アルコールにより膵管出口が浮腫を起こしたり、胆石が膵管出口部を塞ぐと、膵液が十
二指腸中にスムーズに分泌できなくなる。
2)急性膵炎
急性膵炎には、2つの形がある。
①浮腫性(間質性):間質の浮腫が主体で膵周囲の軽度の脂肪壊死を伴うもので軽症の場合が多。膵炎全体の約80%を占める。
②壊死性:壊死性膵炎は残りの約20%を占め、膵実質内の出血や壊死に膵内外の広範な脂肪壊死を伴い重症のことが多く、死亡率も約20%から30%と高い。
3)病態生理
生理学的には、膵臓の腺房は酵素を非活性化状態で分泌し、十二指腸に出て初めて活性化される。しかし急性膵炎ではトリプシンが膵臓内にあるうちに活性化され、組織を自己消化する。
早期活性化の原因として、膵管の閉塞より活性化された膵酵素を含む十二指腸液の逆流、アルコールの膵液分泌亢進作用が考えられている
4)急性膵炎の症状
急性膵炎の疼痛は、食事か飲酒後に突然生じる。持続的な非常に強烈な痛みが季肋部正中に生じ、背中に放散する。この理由として浸出液と消化酵素が後腹膜に漏れ出て腹膜炎が起きていること、膵臓浮腫に伴う膵皮膜の伸展緊張などが考えられている。血中アミラーゼ上昇。
急性胆石症では、激痛ために患者は七転八倒する。急性膵炎での痛みはこれより強く、患者は痛みのためじっとしており重篤感がある。(仰臥位になると痛み増幅するので、背中を丸めてじっと横になっている)
5)慢性膵炎の症状
持続的な季肋部痛が起こる。膵液中のタンパク質が析出して膵管を閉塞している状態だと考えられている。膵組織は自己消化されず、膵臓組織が線維化する。
5)慢性膵炎の診察法
急性膵炎は症状が激しく、救急入院となるのが普通である。慢性膵炎は診断が難しい。心窩部が痛めば、通常はまず胃疾患を考える。心窩部痛となるのは胃疾患でも慢性膵炎でも同じである。

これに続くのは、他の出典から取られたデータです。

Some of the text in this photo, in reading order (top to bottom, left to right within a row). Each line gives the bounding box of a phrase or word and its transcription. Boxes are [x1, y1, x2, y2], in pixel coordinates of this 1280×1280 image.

しかし膵臓は脊柱の前面に密着しているので、背中にマクラを入れた状態で心窩部を押圧しすると、胃疾患では症状はとくに変化がないのに、慢性膵炎では痛みは増悪することが多い。また慢性膵炎は進行すると、背部痛も出現する。
2.慢性膵炎の鍼灸治療
鍼灸が取り扱うのは慢性膵炎である。内臓体壁反応の形は胃とほぼ同じパターンにな
る。慢性膵炎に対する鍼灸治療について、清水千里はつぎのように記している。
慢性膵炎には、重症例の多い定型的慢性膵炎と、軽症の多い成因不明の慢性膵炎がある。
後者は複雑な機能障害を成因としている。後者に対しての針灸は機能調整の軽いタッチの全体調整を行なえば著効する例が多い。難症になると鎮痛効果は長続きしないが、治療の継続により、徐々に鎮痛持続時間が延びる。

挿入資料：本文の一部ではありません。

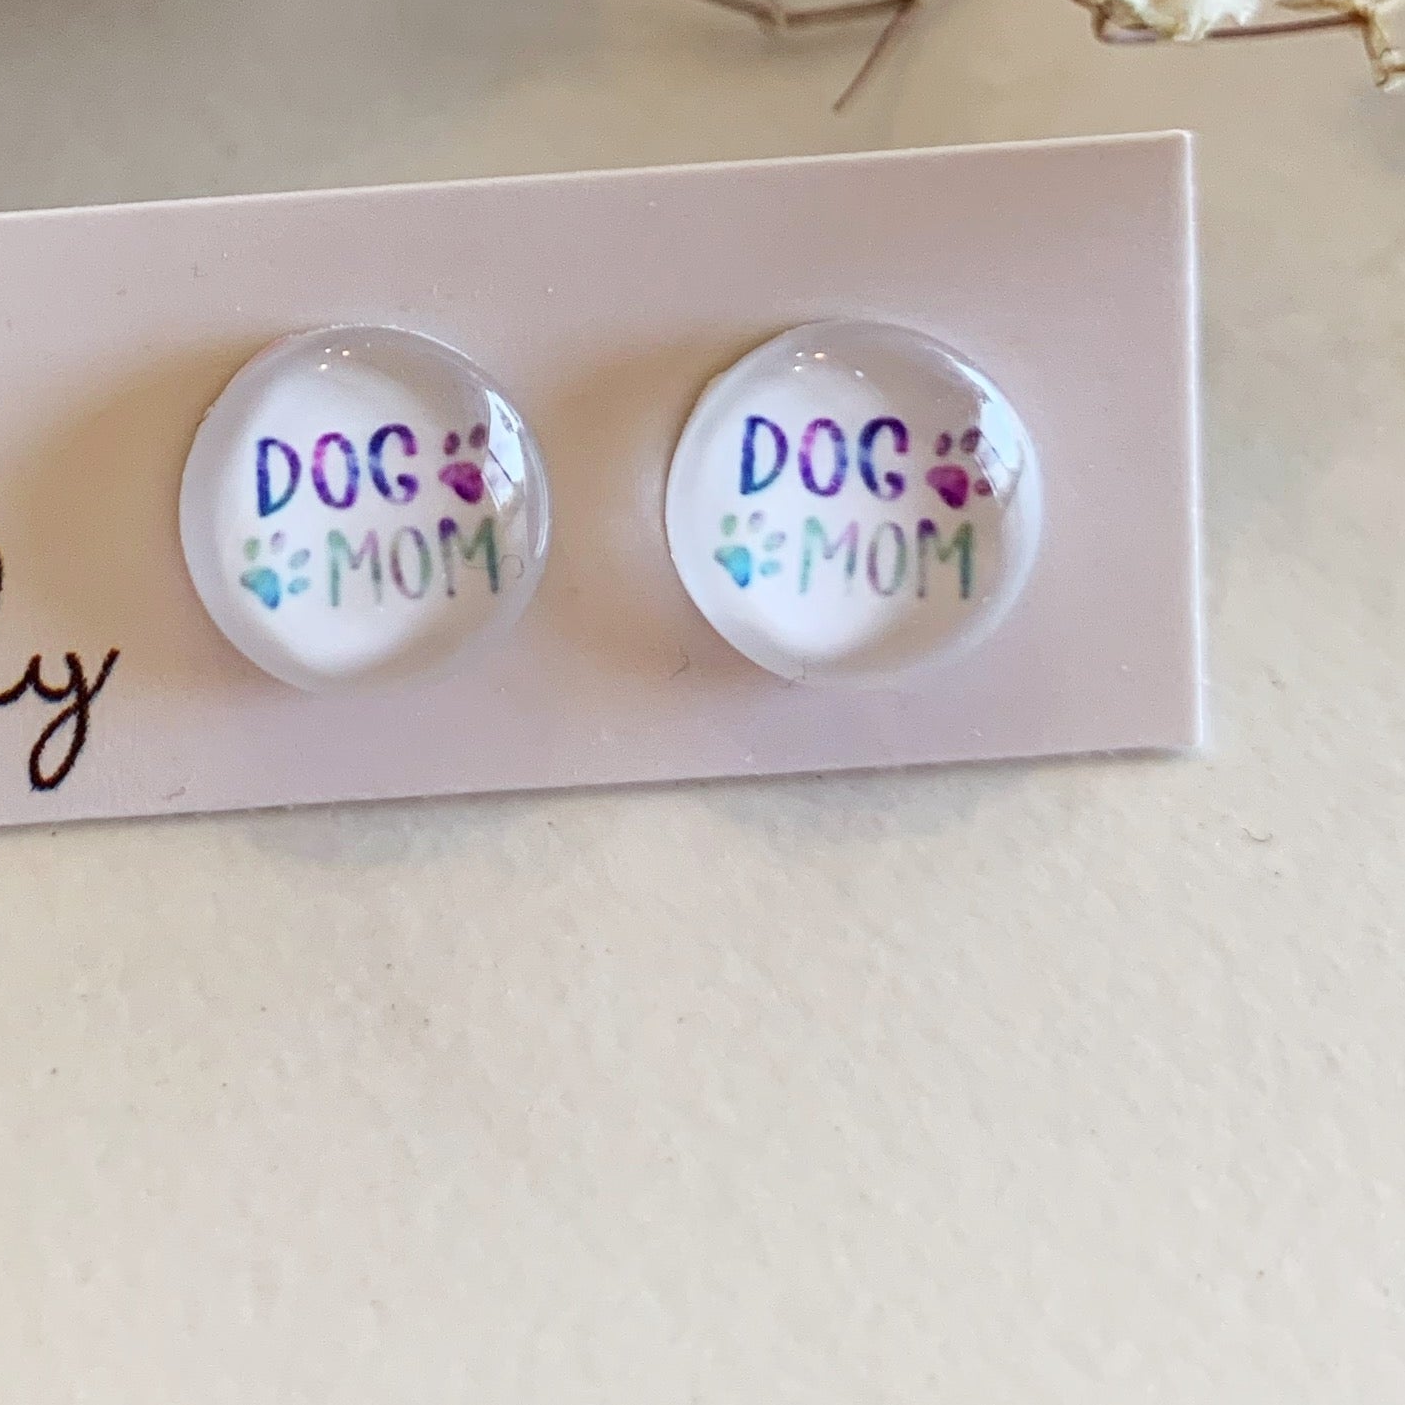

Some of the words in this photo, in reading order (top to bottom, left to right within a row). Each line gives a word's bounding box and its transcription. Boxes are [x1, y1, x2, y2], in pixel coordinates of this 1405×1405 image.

[255, 421, 419, 518] DOG
[739, 413, 909, 499] DOG
[326, 515, 503, 608] MOM
[798, 516, 976, 601] MOM
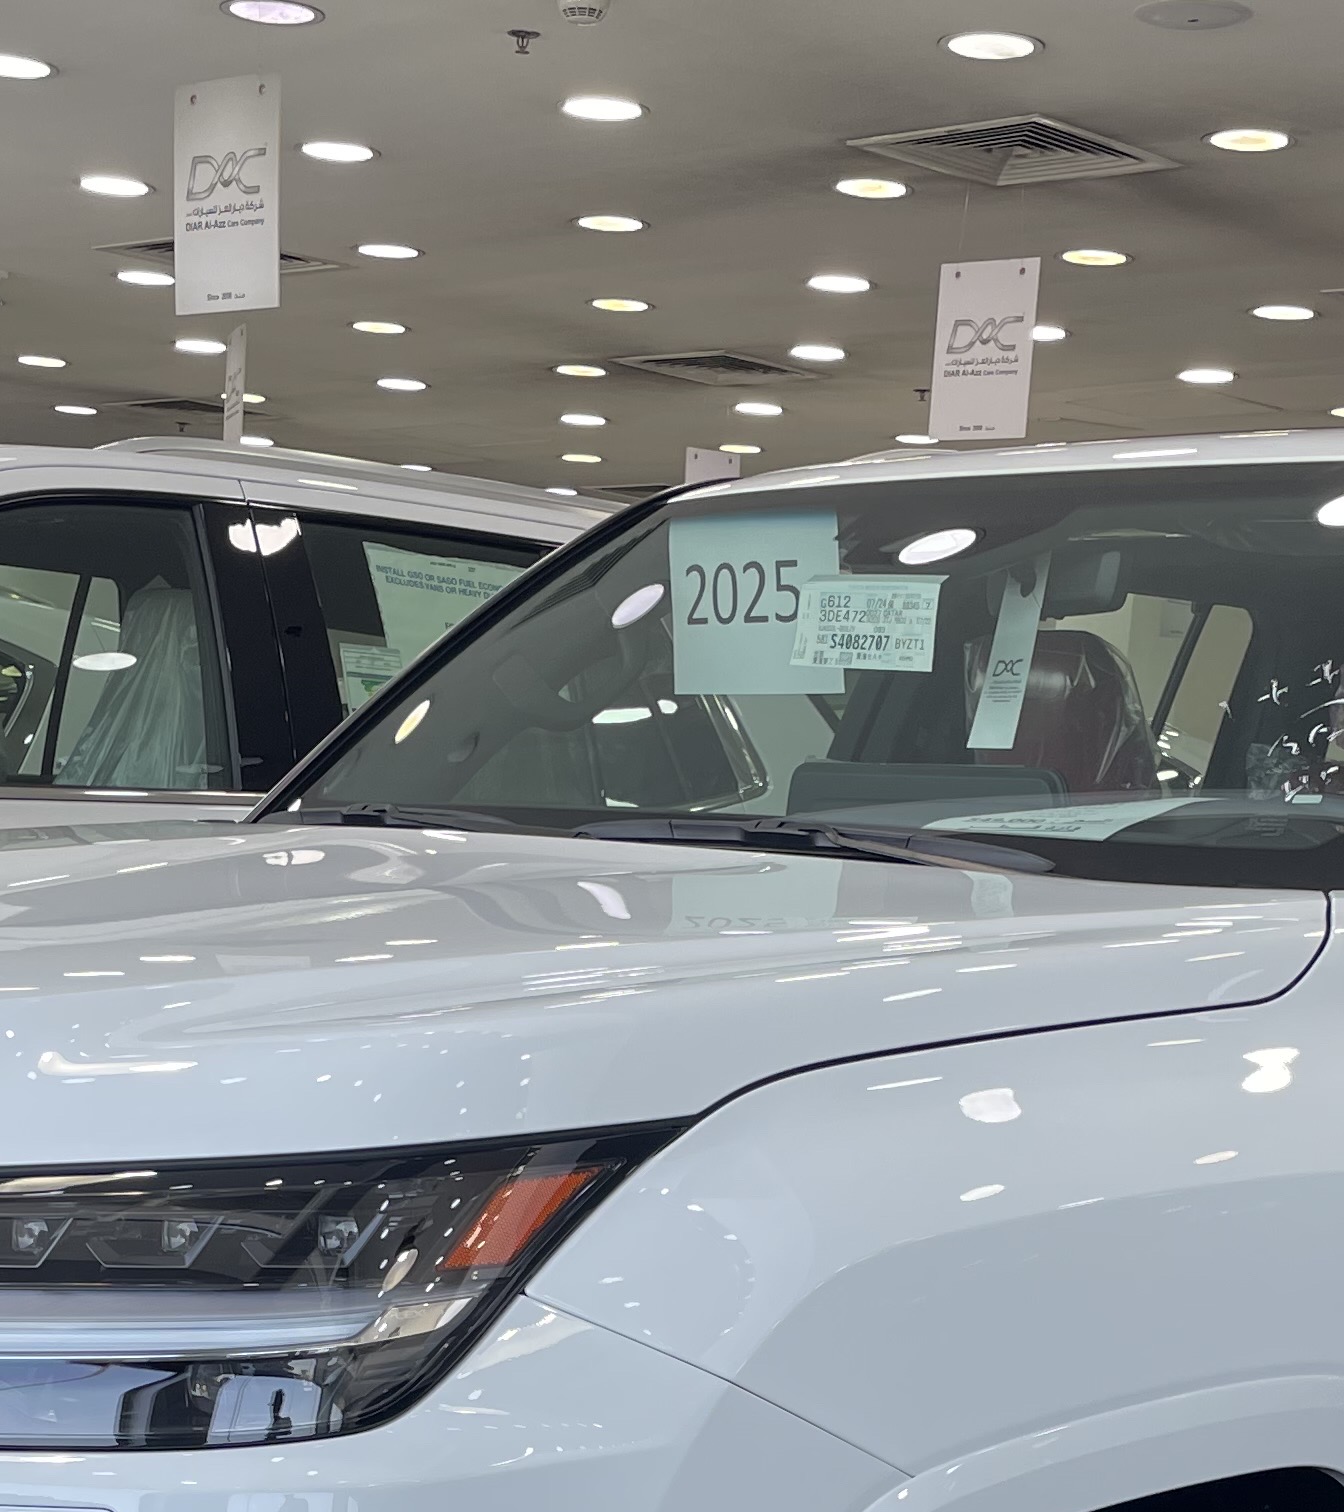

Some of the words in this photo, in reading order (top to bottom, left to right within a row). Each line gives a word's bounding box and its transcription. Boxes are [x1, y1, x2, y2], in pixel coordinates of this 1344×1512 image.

圧痛は心窩部の下部・上部・左側に出現し、左右の季肋部にもみられることがある。
腹部:太乙、下脘、滑肉門。次いで重要なのは章門、水分、中脘。
背部:脾兪、胃兪、胃倉
下肢:地機、三陰交、蘭尾、足三里
蘭尾(足三里下2寸の新穴)は腹部鎮痛の名穴。強い腹痛に著効がある。膵臓の痛みは頑固なので、地機とともに中国針による置針を行なう。上記で反応点として現れやすいのは、右太乙穴(下脘の外方2寸)と脾兪。